[Records drawn from a dataset]

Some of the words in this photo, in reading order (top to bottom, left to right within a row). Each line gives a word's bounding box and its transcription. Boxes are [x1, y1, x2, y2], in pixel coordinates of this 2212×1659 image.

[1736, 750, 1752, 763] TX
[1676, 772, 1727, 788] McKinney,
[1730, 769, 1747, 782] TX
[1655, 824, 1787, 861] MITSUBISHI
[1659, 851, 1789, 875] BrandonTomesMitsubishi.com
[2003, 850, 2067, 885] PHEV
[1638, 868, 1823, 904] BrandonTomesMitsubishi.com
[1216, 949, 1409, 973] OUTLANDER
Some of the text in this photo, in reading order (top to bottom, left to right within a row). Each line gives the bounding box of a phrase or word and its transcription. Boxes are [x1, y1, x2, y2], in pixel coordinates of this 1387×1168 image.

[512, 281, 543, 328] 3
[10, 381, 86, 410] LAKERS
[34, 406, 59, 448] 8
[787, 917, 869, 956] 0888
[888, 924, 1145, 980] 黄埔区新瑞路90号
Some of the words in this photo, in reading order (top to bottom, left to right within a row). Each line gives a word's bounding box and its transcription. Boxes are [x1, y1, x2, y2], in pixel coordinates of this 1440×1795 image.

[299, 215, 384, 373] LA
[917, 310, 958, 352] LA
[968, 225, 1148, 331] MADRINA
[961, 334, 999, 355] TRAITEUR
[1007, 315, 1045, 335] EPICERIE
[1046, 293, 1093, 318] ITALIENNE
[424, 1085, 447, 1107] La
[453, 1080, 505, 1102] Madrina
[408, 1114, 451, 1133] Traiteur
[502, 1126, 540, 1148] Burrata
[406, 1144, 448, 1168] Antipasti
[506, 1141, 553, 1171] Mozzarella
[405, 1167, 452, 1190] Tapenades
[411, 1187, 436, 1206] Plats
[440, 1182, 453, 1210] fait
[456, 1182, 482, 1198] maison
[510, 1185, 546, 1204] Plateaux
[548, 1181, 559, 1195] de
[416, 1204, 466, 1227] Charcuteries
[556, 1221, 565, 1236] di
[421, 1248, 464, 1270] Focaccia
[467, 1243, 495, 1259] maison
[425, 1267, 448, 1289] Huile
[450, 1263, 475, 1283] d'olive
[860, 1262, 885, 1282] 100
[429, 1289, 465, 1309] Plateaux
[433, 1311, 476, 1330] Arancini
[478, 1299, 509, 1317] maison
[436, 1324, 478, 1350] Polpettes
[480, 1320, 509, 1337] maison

> **TASK GOAL**: The data must be given again in full, exactly as written.

> **SOLUTION TO THIS EXERCISE**:
Some of the words in this photo, in reading order (top to bottom, left to right within a row). Each line gives a word's bounding box and its transcription. Boxes are [x1, y1, x2, y2], in pixel coordinates of this 2212×1659 image.

[1736, 750, 1752, 763] TX
[1676, 772, 1727, 788] McKinney,
[1730, 769, 1747, 782] TX
[1655, 824, 1787, 861] MITSUBISHI
[1659, 851, 1789, 875] BrandonTomesMitsubishi.com
[2003, 850, 2067, 885] PHEV
[1638, 868, 1823, 904] BrandonTomesMitsubishi.com
[1216, 949, 1409, 973] OUTLANDER
Some of the text in this photo, in reading order (top to bottom, left to right within a row). Each line gives the bounding box of a phrase or word and its transcription. Boxes are [x1, y1, x2, y2], in pixel coordinates of this 1387×1168 image.

[512, 281, 543, 328] 3
[10, 381, 86, 410] LAKERS
[34, 406, 59, 448] 8
[787, 917, 869, 956] 0888
[888, 924, 1145, 980] 黄埔区新瑞路90号
Some of the words in this photo, in reading order (top to bottom, left to right within a row). Each line gives a word's bounding box and its transcription. Boxes are [x1, y1, x2, y2], in pixel coordinates of this 1440×1795 image.

[299, 215, 384, 373] LA
[917, 310, 958, 352] LA
[968, 225, 1148, 331] MADRINA
[961, 334, 999, 355] TRAITEUR
[1007, 315, 1045, 335] EPICERIE
[1046, 293, 1093, 318] ITALIENNE
[424, 1085, 447, 1107] La
[453, 1080, 505, 1102] Madrina
[408, 1114, 451, 1133] Traiteur
[502, 1126, 540, 1148] Burrata
[406, 1144, 448, 1168] Antipasti
[506, 1141, 553, 1171] Mozzarella
[405, 1167, 452, 1190] Tapenades
[411, 1187, 436, 1206] Plats
[440, 1182, 453, 1210] fait
[456, 1182, 482, 1198] maison
[510, 1185, 546, 1204] Plateaux
[548, 1181, 559, 1195] de
[416, 1204, 466, 1227] Charcuteries
[556, 1221, 565, 1236] di
[421, 1248, 464, 1270] Focaccia
[467, 1243, 495, 1259] maison
[425, 1267, 448, 1289] Huile
[450, 1263, 475, 1283] d'olive
[860, 1262, 885, 1282] 100
[429, 1289, 465, 1309] Plateaux
[433, 1311, 476, 1330] Arancini
[478, 1299, 509, 1317] maison
[436, 1324, 478, 1350] Polpettes
[480, 1320, 509, 1337] maison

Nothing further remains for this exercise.